:: Information supplied ::
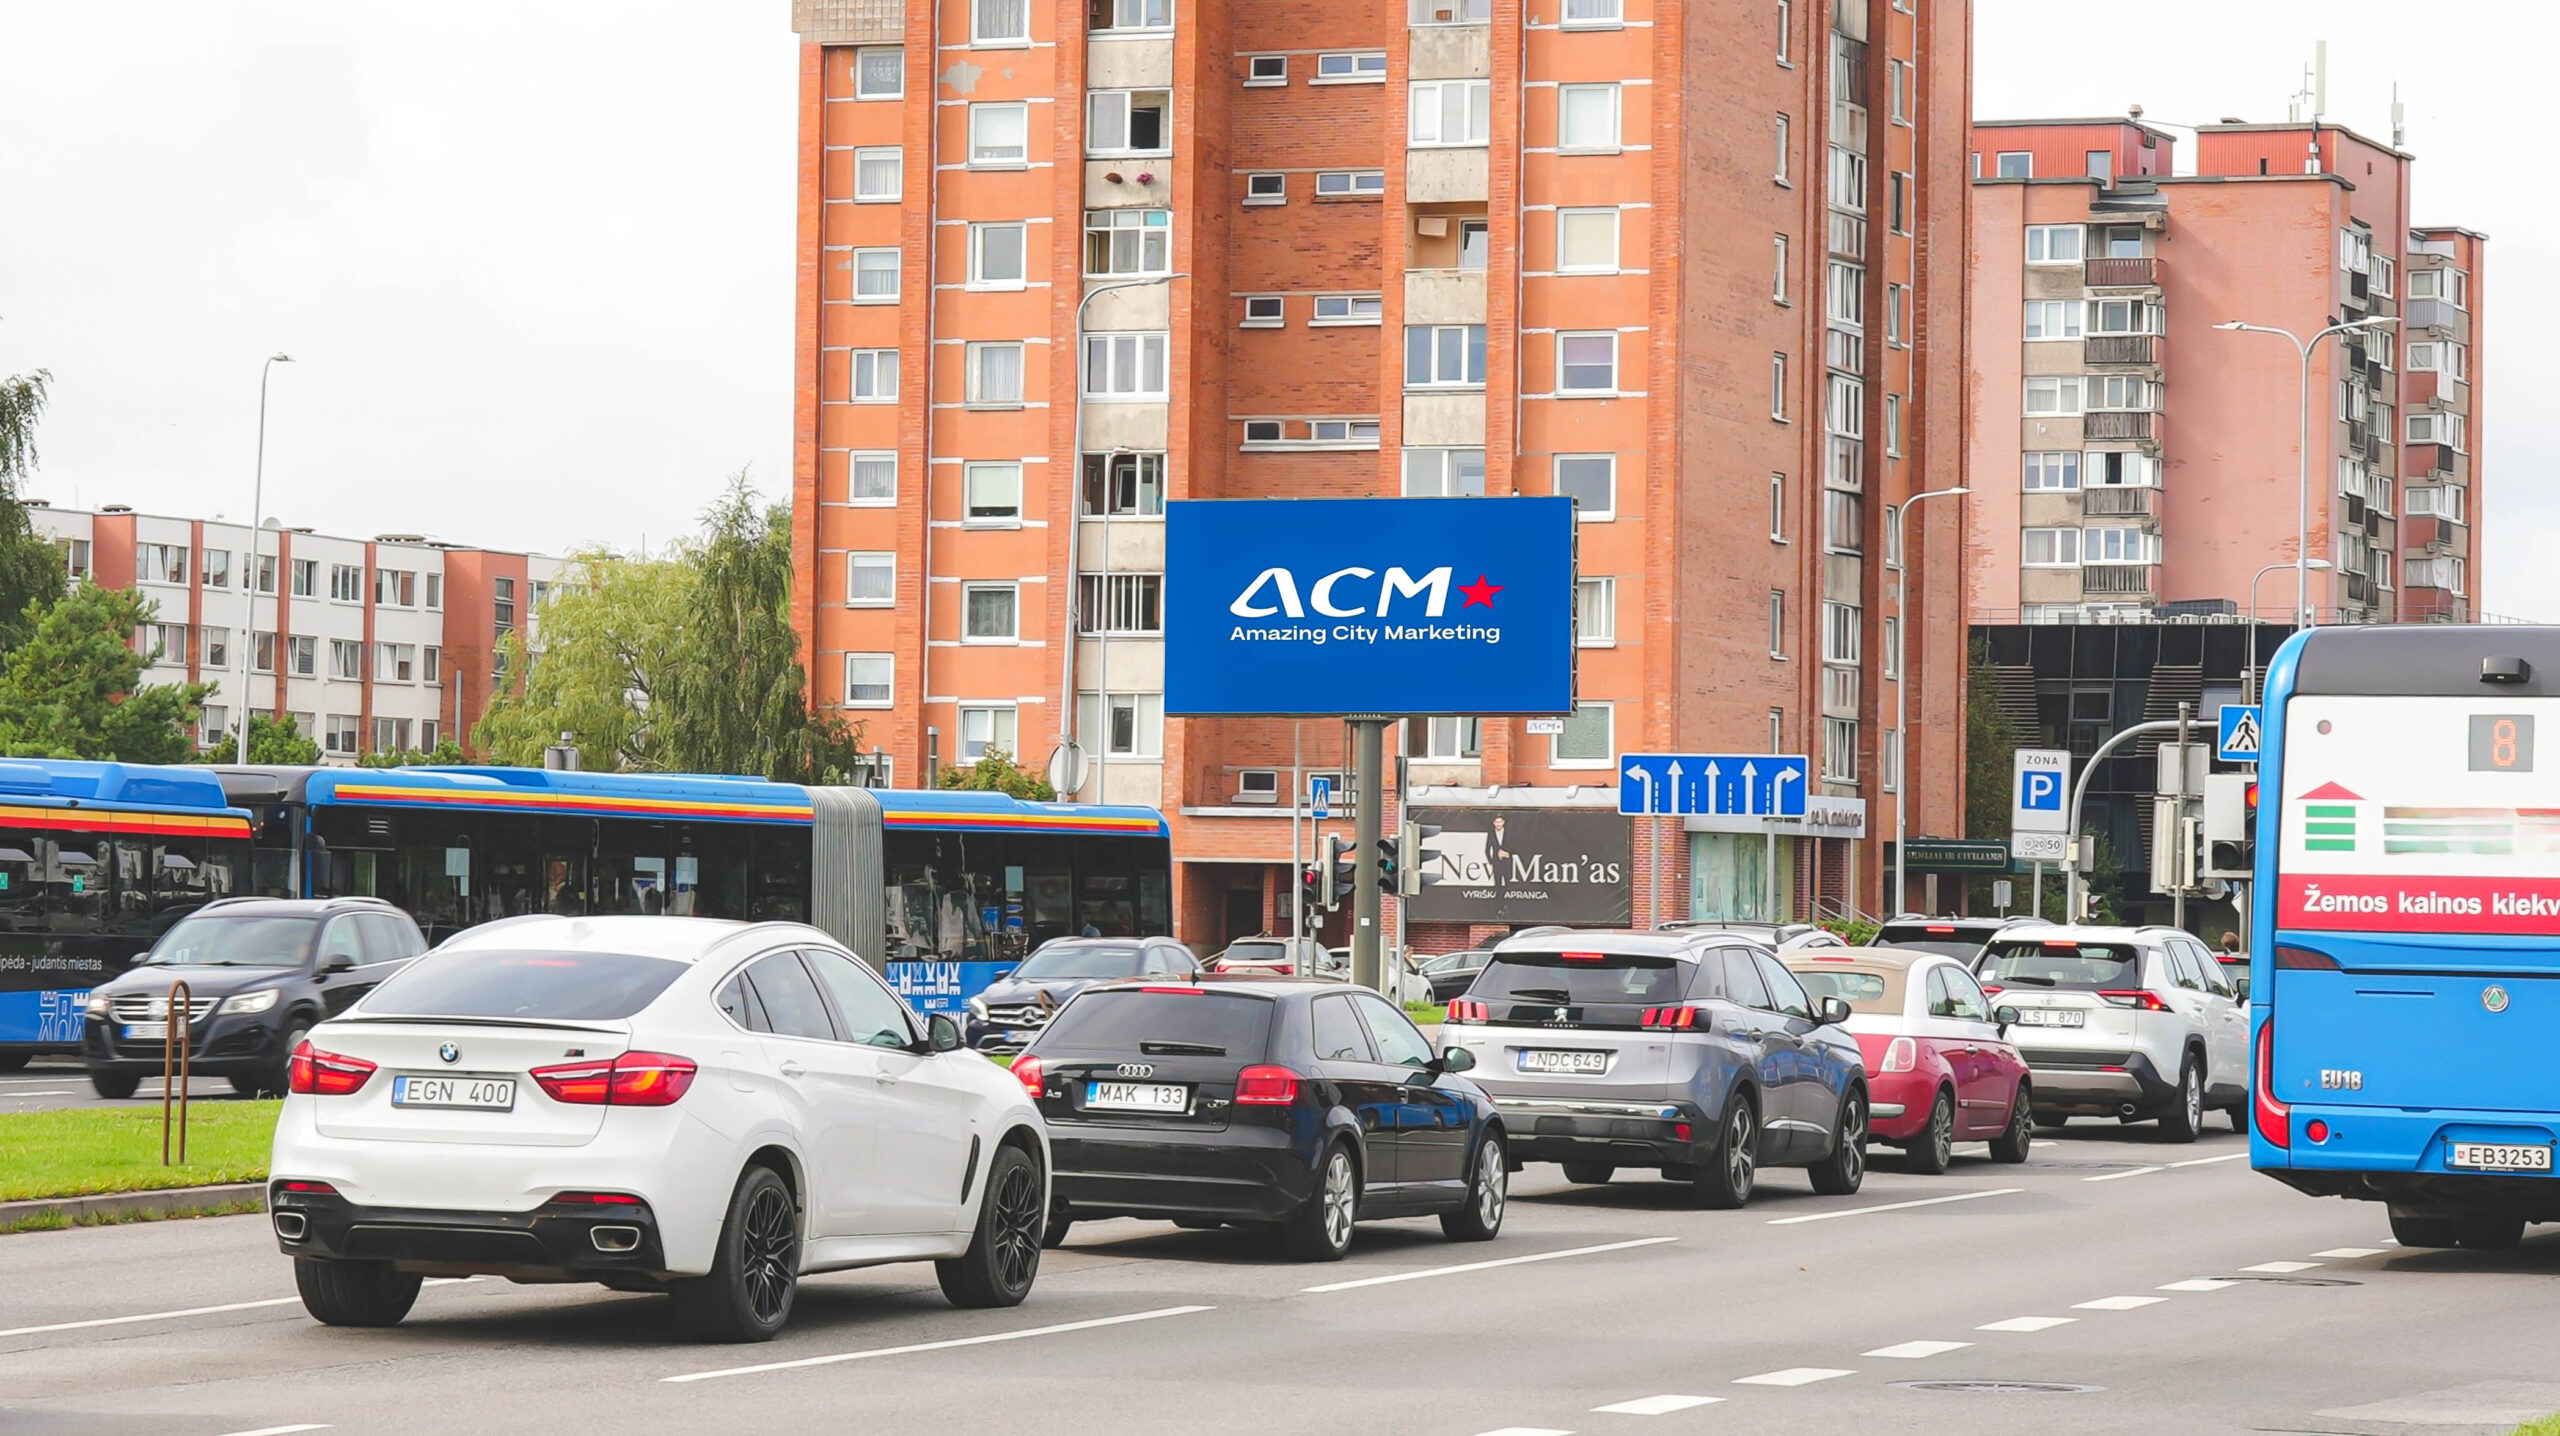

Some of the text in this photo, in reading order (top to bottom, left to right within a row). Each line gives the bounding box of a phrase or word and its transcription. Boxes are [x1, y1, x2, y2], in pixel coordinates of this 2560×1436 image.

[1230, 566, 1453, 618] ACM
[1230, 624, 1500, 645] Amazing City Marketing
[2493, 719, 2516, 767] 8
[2026, 755, 2059, 766] ZONA
[2029, 774, 2054, 808] P
[2034, 840, 2045, 849] 20
[2047, 839, 2061, 850] 50
[1504, 890, 1549, 900] APRANGA
[2303, 883, 2388, 913] Žemos
[2398, 890, 2482, 915] kainos
[31, 955, 67, 973] judantis
[68, 955, 102, 971] miestas
[2023, 1011, 2081, 1024] LSI 870
[2321, 1069, 2363, 1090] EU18
[407, 1080, 455, 1102] EGN
[468, 1082, 509, 1104] 400
[1099, 1084, 1138, 1102] MAK
[1153, 1086, 1184, 1104] 133
[2469, 1147, 2545, 1167] EB3253
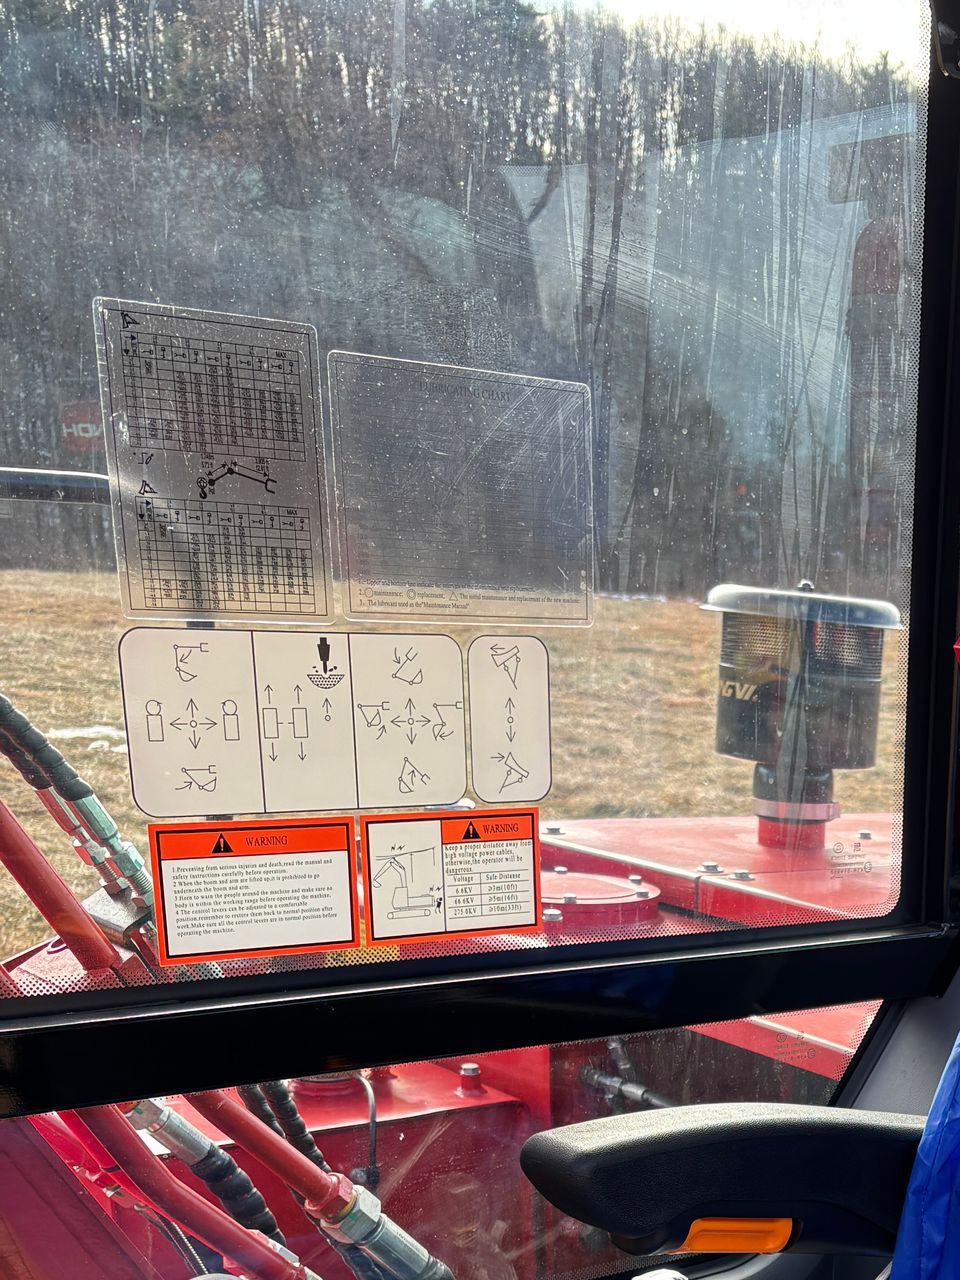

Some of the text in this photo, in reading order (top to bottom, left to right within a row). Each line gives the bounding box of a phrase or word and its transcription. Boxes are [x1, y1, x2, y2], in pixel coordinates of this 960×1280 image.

[275, 350, 287, 358] MAX
[419, 380, 512, 402] LUBRICATING CHART
[286, 508, 298, 516] MAX
[482, 823, 519, 834] WARNING
[246, 836, 288, 847] WARNING
[458, 851, 478, 859] voltage
[479, 850, 495, 858] power
[482, 857, 503, 865] operator
[238, 862, 257, 870] injuries
[189, 871, 220, 879] instructions
[453, 875, 474, 884] Voltage
[485, 873, 498, 881] Safe
[222, 898, 244, 906] working
[177, 929, 202, 937] operating

:: What is needed ::
Every line from the one containing "this 960×1280 image." through the end of the entries above must be echoed exactly, with both ends kept.

:: Response area ::
Some of the text in this photo, in reading order (top to bottom, left to right within a row). Each line gives the bounding box of a phrase or word and its transcription. Boxes are [x1, y1, x2, y2], in pixel coordinates of this 960×1280 image.

[275, 350, 287, 358] MAX
[419, 380, 512, 402] LUBRICATING CHART
[286, 508, 298, 516] MAX
[482, 823, 519, 834] WARNING
[246, 836, 288, 847] WARNING
[458, 851, 478, 859] voltage
[479, 850, 495, 858] power
[482, 857, 503, 865] operator
[238, 862, 257, 870] injuries
[189, 871, 220, 879] instructions
[453, 875, 474, 884] Voltage
[485, 873, 498, 881] Safe
[222, 898, 244, 906] working
[177, 929, 202, 937] operating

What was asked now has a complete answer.